Leases involving tangible assets, in which the Group acts as a lessee, are classified as finance leases if substantially all of the risks and rewards of ownership transfer to the Group.
Upon the commencement of the lease term, the finance lease assets are recognized at the lower of the fair value of the leased asset and the present value of the minimum lease payments. These assets and related rental obligations are presented as part of the Group's non-current assets and interest-bearing liabilities. In respect of the finance lease contracts, depreciation on the leased assets and interest expenses from the related liability are shown in the income statement. Rents paid based on operating leases are expensed on a straight-line basis over the lease terms.
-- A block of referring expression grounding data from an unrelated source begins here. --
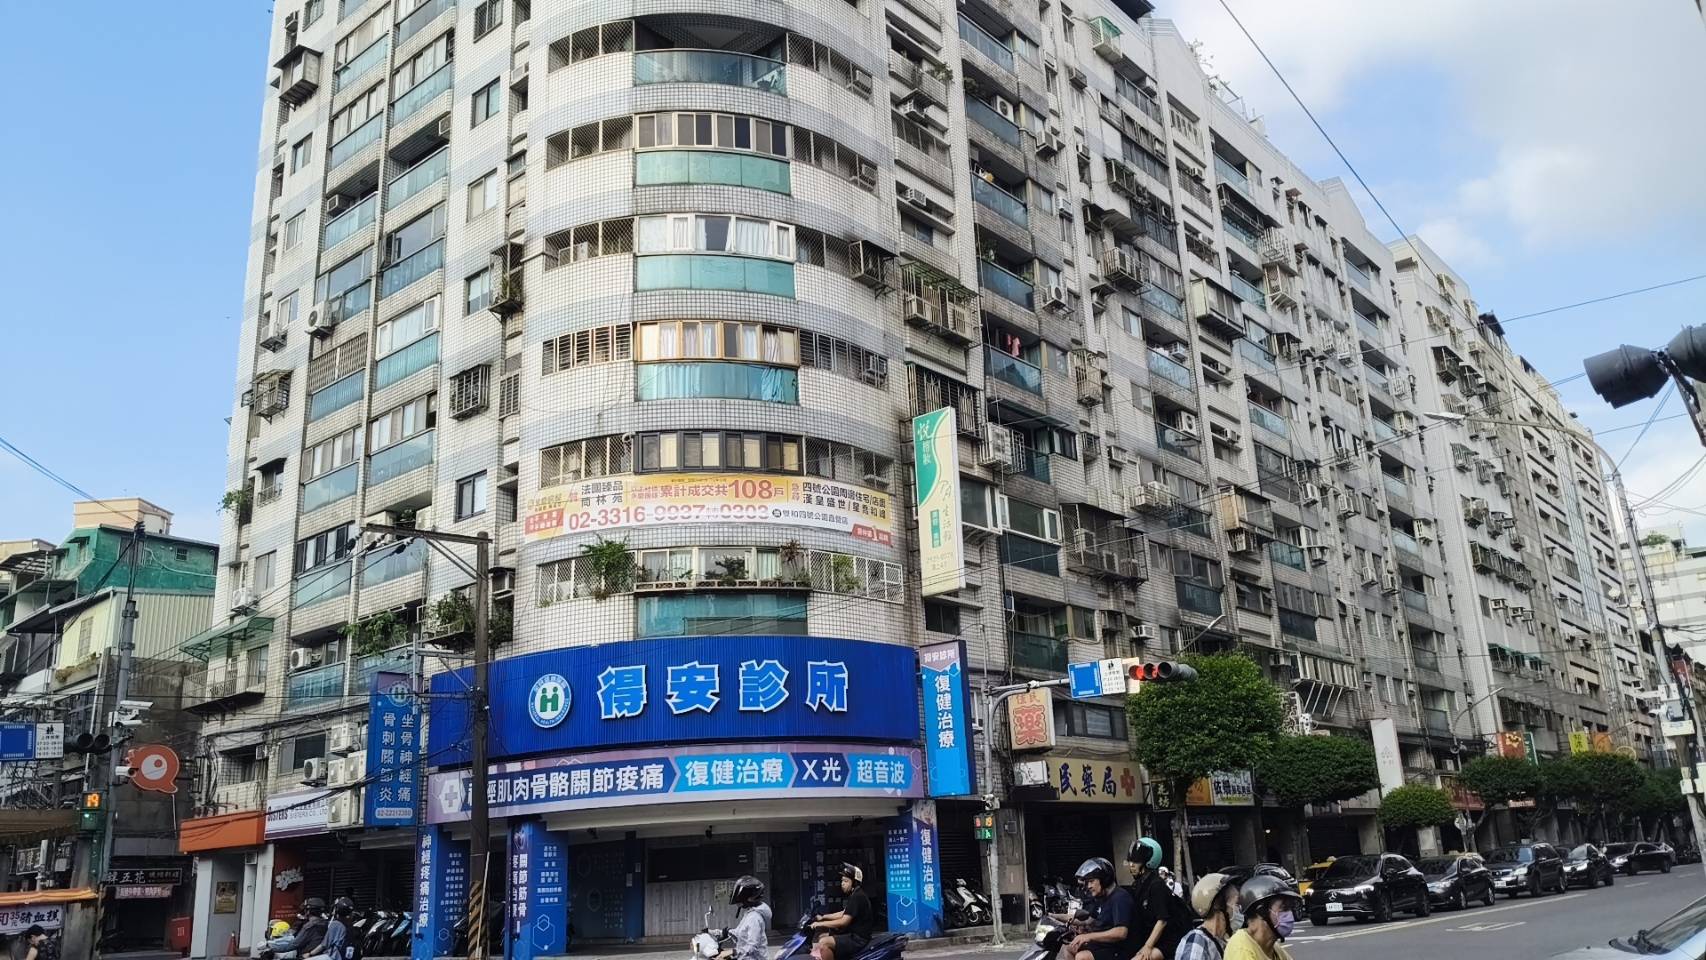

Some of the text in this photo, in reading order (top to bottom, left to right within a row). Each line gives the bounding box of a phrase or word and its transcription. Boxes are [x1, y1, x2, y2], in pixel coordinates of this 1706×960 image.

[597, 659, 849, 719] 得安診所
[935, 674, 955, 749] 復健治療
[380, 712, 396, 803] 骨刺關節炎
[398, 713, 414, 803] 坐骨神經痛
[685, 758, 784, 787] 復健治療
[802, 758, 842, 782] X光
[856, 759, 906, 786] 超音波
[1046, 762, 1117, 799] 民藥局
[518, 853, 528, 918] 關節筋骨
[920, 828, 935, 901] 復健治療
When the Group is a lessor, it recognizes assets held under a finance lease as receivables in the balance sheet. Assets held under operating leases are included in PP&E.
Also the arrangements that are not leases in their legal form but convey the rights to use assets in return for a payment or series of payments are treated as leases.
Inventories are measured at the lower of cost and net realizable value. Costs are determined on a first-in first-out (FIFO) basis or by using a weighted average cost formula, depending on the nature of the inventory. The cost of finished goods and work in progress include the proportion of production overheads of the normal capacity. The net realizable value is the sales price received in the ordinary course of business less the estimated costs for completing the asset and the sales costs.
When a financial asset or a financial liability is initially recognized on the trade date, it is measured at cost, which equals the fair value of the consideration given or received. The Group's financial assets are classified for subsequent
measurement as financial assets at fair value through profit or loss, loans and receivables issued by the Group, and available-for-sale financial assets.
| CATEGORY | FINANCIAL INSTRUMENT | MEASUREMENT |
|---|---|---|
| Financial assets at fair value through profit or loss |
Currency forward contracts, currency options, currency swaps, interest rate forwards, interest rate futures, interest rate options, interest rate swaps, electricity forwards, natural gas derivatives, certi ficates of deposit, commercial papers, units in mutual funds, embedded derivatives |
Fair value |
| Loans and receivables |
Non-current loan receivables, bank deposits, trade receivables and other receivables |
(Amortized) cost |
| Available-for sale financial assets |
Shares, bond investments | Fair value |
Financial assets at fair value through income statements
Financial assets at fair value through profit or loss are measured at fair value. Fair value is the amount for which an asset could be exchanged or loans paid between knowledgeable, willing parties in an arm's length transaction. These derivative contracts to which hedge accounting in accordance with IAS 39 is not applied are classified as financial assets held for trading. These are classified as financial assets at fair value through profit or loss. In the balance sheet, these items are shown under prepaid expenses and accrued income and accrued expenses and prepaid income. Any gains or losses arising from changes in fair value are recognized through profit or loss on the transaction date in financial items.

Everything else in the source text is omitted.